◆ Exercise brief:
Reproduce the entries word for word but drop every picture.

(Saved data entries)
--- START ---

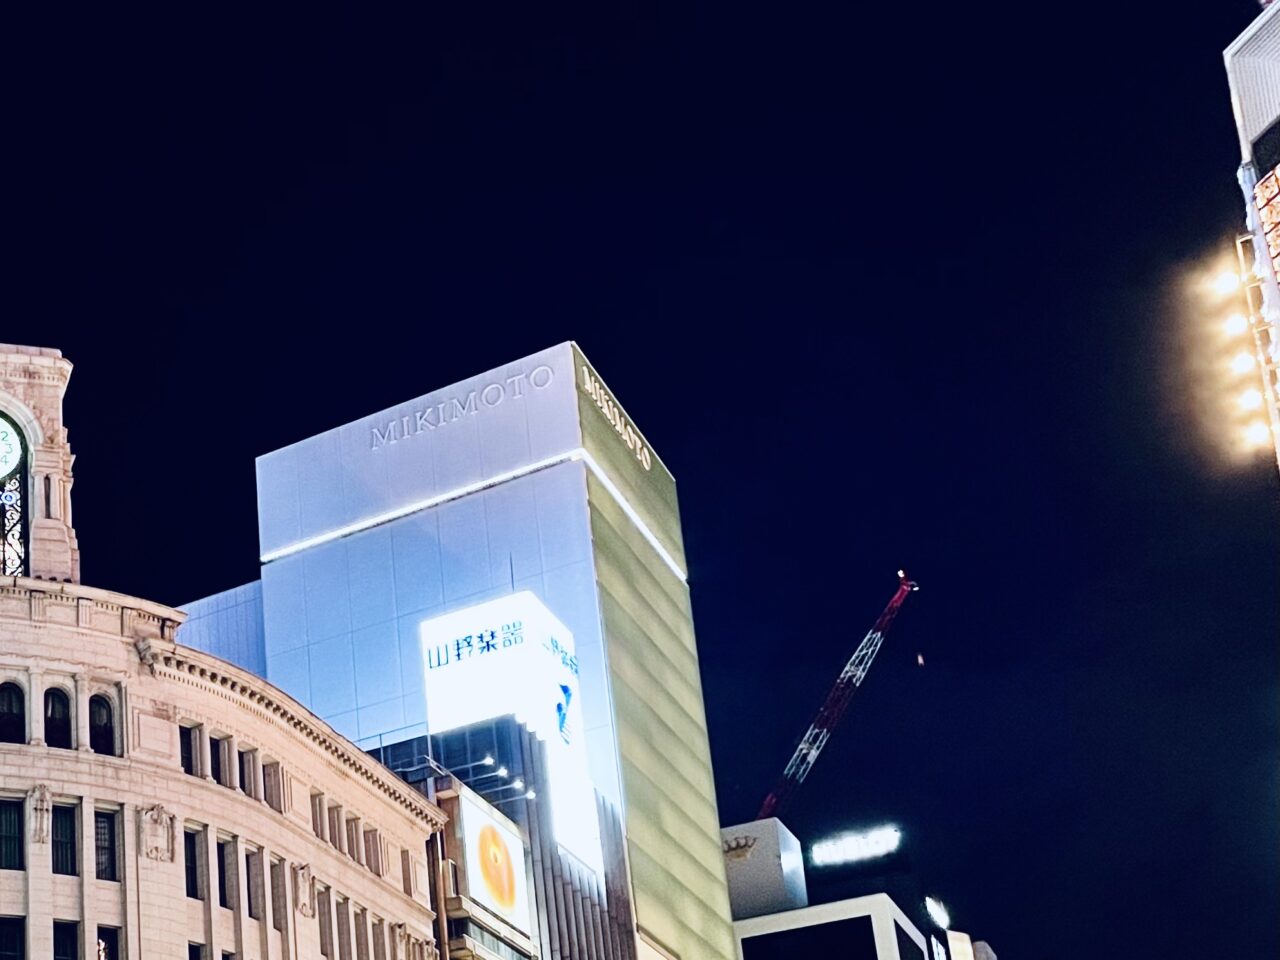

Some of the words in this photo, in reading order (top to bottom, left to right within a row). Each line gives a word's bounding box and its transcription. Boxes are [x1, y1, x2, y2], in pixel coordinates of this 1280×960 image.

[371, 365, 555, 450] MIKIMOTO
[582, 366, 652, 471] MIKIMOTO
[0, 430, 9, 442] 2
[5, 443, 13, 454] 3
[0, 455, 9, 465] 4
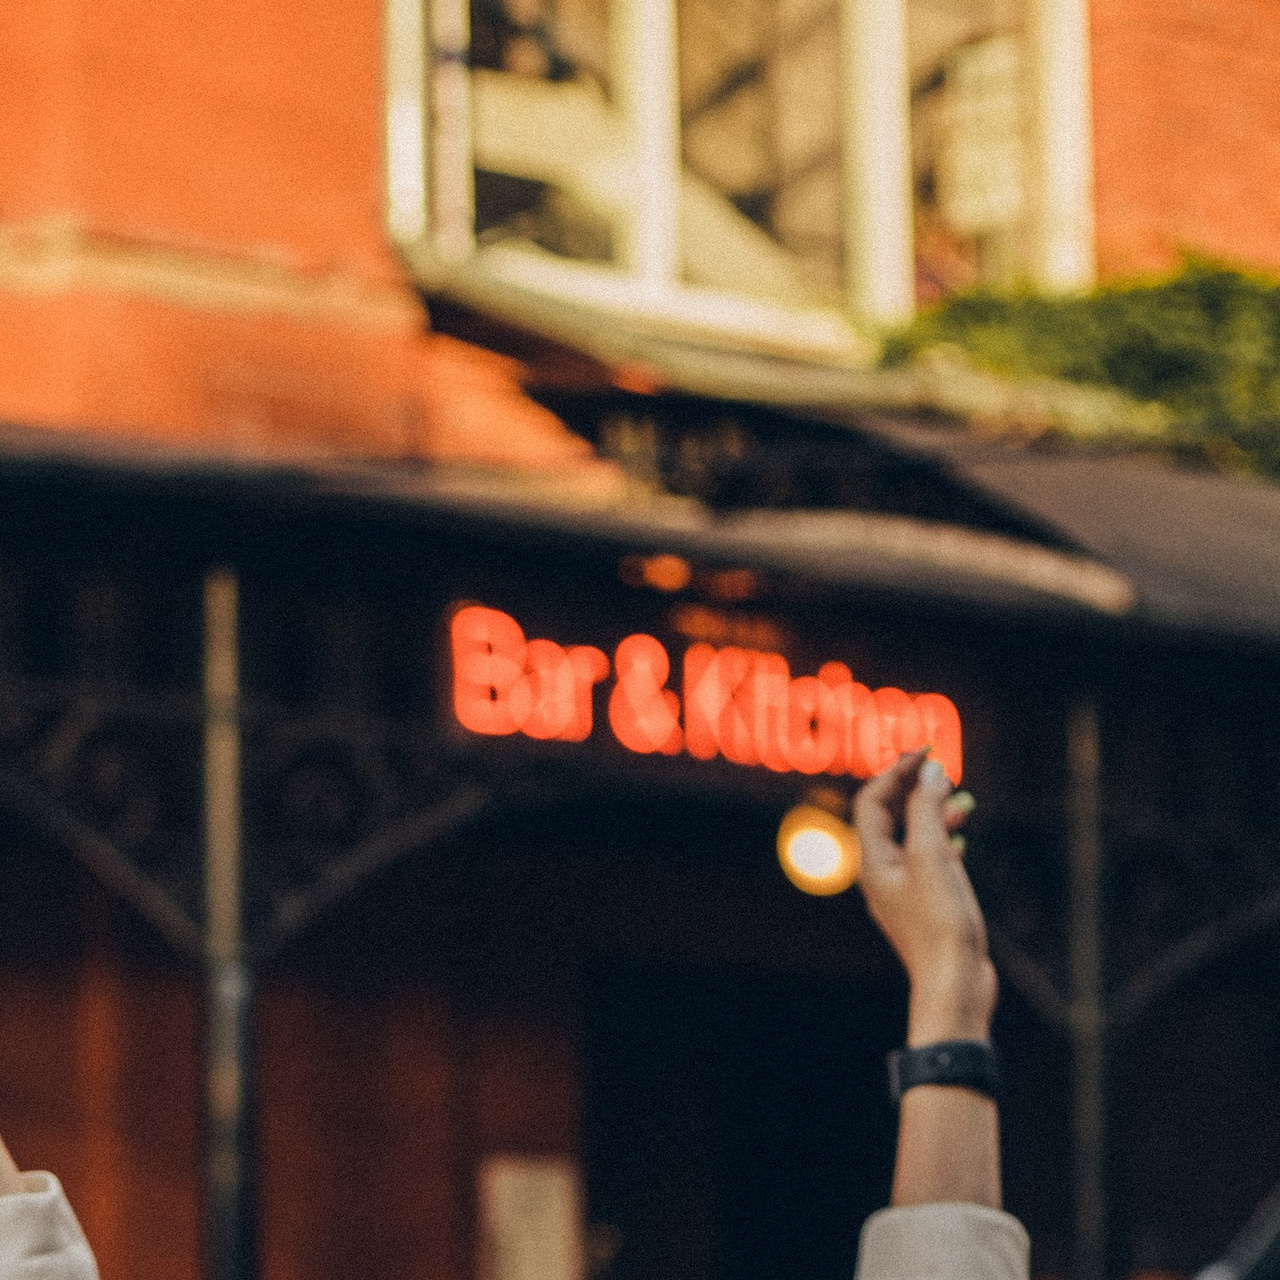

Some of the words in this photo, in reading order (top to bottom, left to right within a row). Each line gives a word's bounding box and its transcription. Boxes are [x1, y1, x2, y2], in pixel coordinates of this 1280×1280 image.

[451, 606, 609, 742] Bar
[609, 633, 682, 756] &
[683, 642, 963, 787] Kitchen
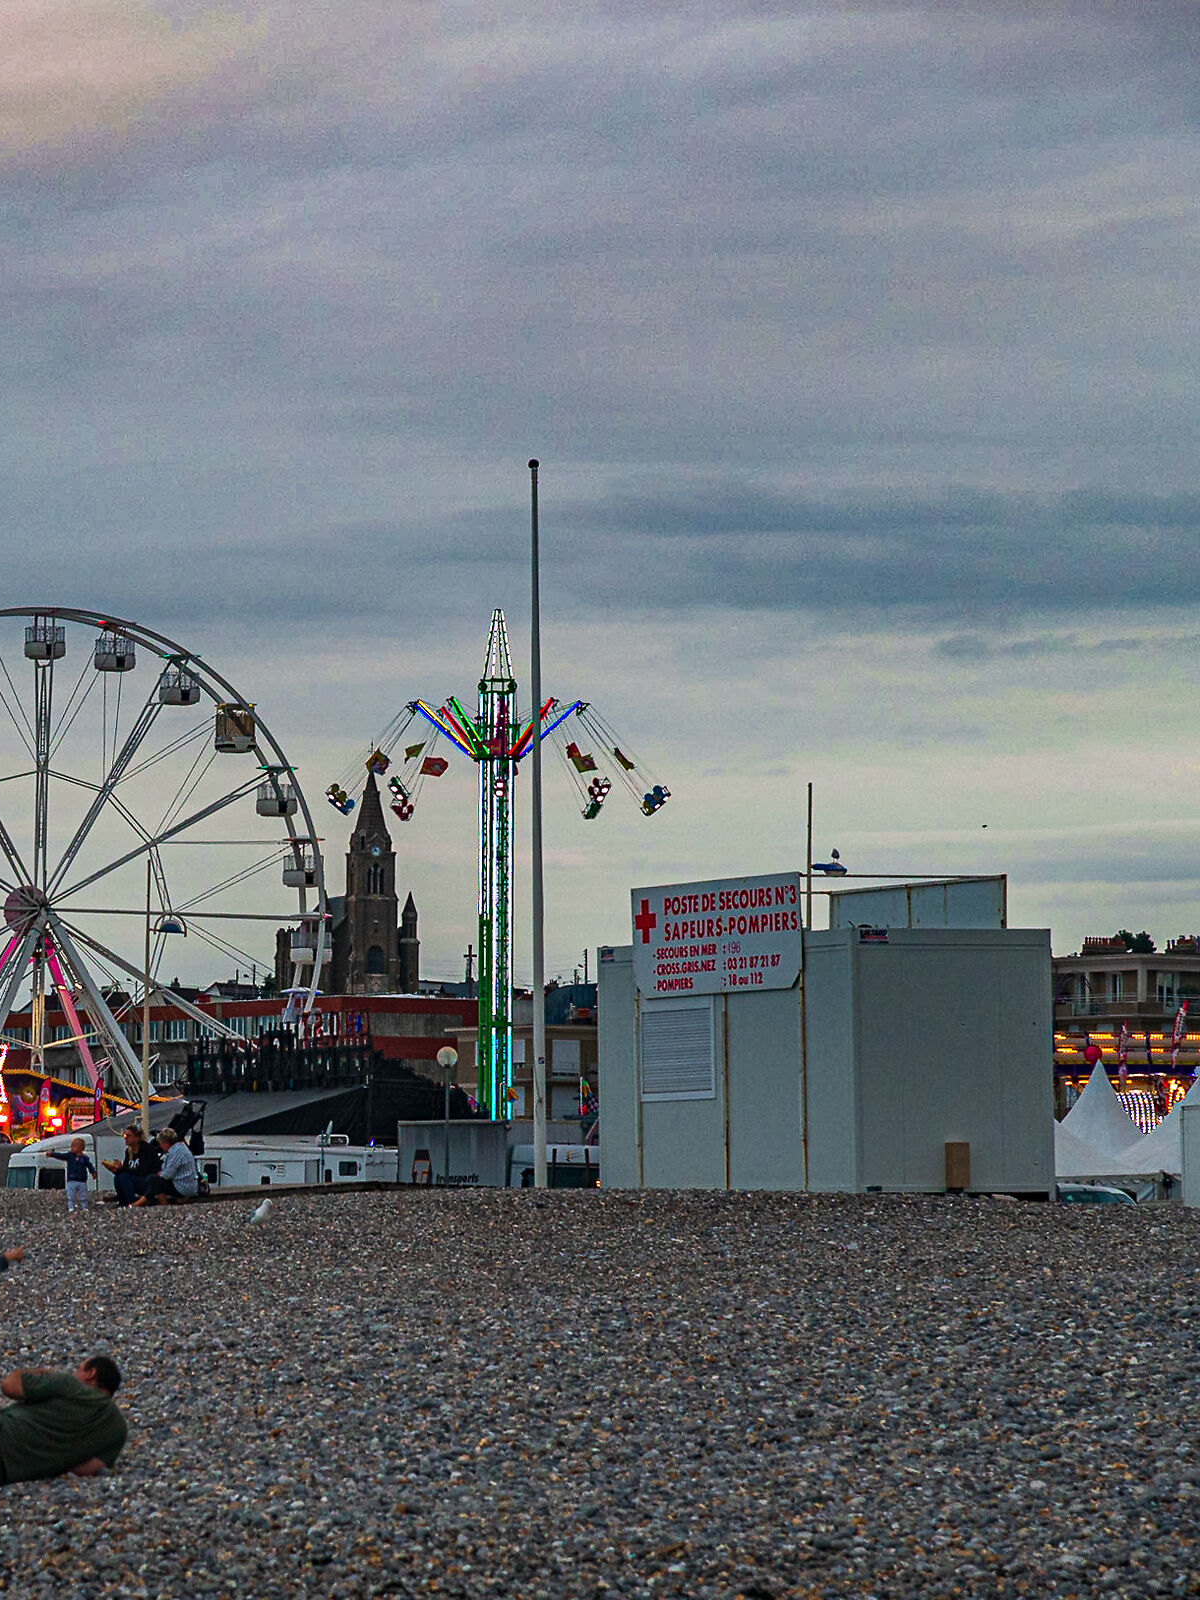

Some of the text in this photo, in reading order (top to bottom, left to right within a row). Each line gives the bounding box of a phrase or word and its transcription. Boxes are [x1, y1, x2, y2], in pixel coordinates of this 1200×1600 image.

--- END ---

◆ Answer to the problem:
Some of the words in this photo, in reading order (top to bottom, left to right within a row). Each line gives a word's bounding box and its transcription. Boxes are [x1, y1, x2, y2], in pixel coordinates of this 1280×960 image.

[371, 365, 555, 450] MIKIMOTO
[582, 366, 652, 471] MIKIMOTO
[0, 430, 9, 442] 2
[5, 443, 13, 454] 3
[0, 455, 9, 465] 4

Some of the words in this photo, in reading order (top to bottom, left to right within a row). Each line gives a word's bounding box and its transcription. Boxes are [x1, y1, x2, y2], in pixel coordinates of this 1280×1280 image.

[451, 606, 609, 742] Bar
[609, 633, 682, 756] &
[683, 642, 963, 787] Kitchen

Some of the text in this photo, in reading order (top to bottom, left to right within a row). Each line gives the bounding box of a phrase or word and its transcription. Boxes are [x1, y1, x2, y2], in pixel coordinates of this 1200×1600 image.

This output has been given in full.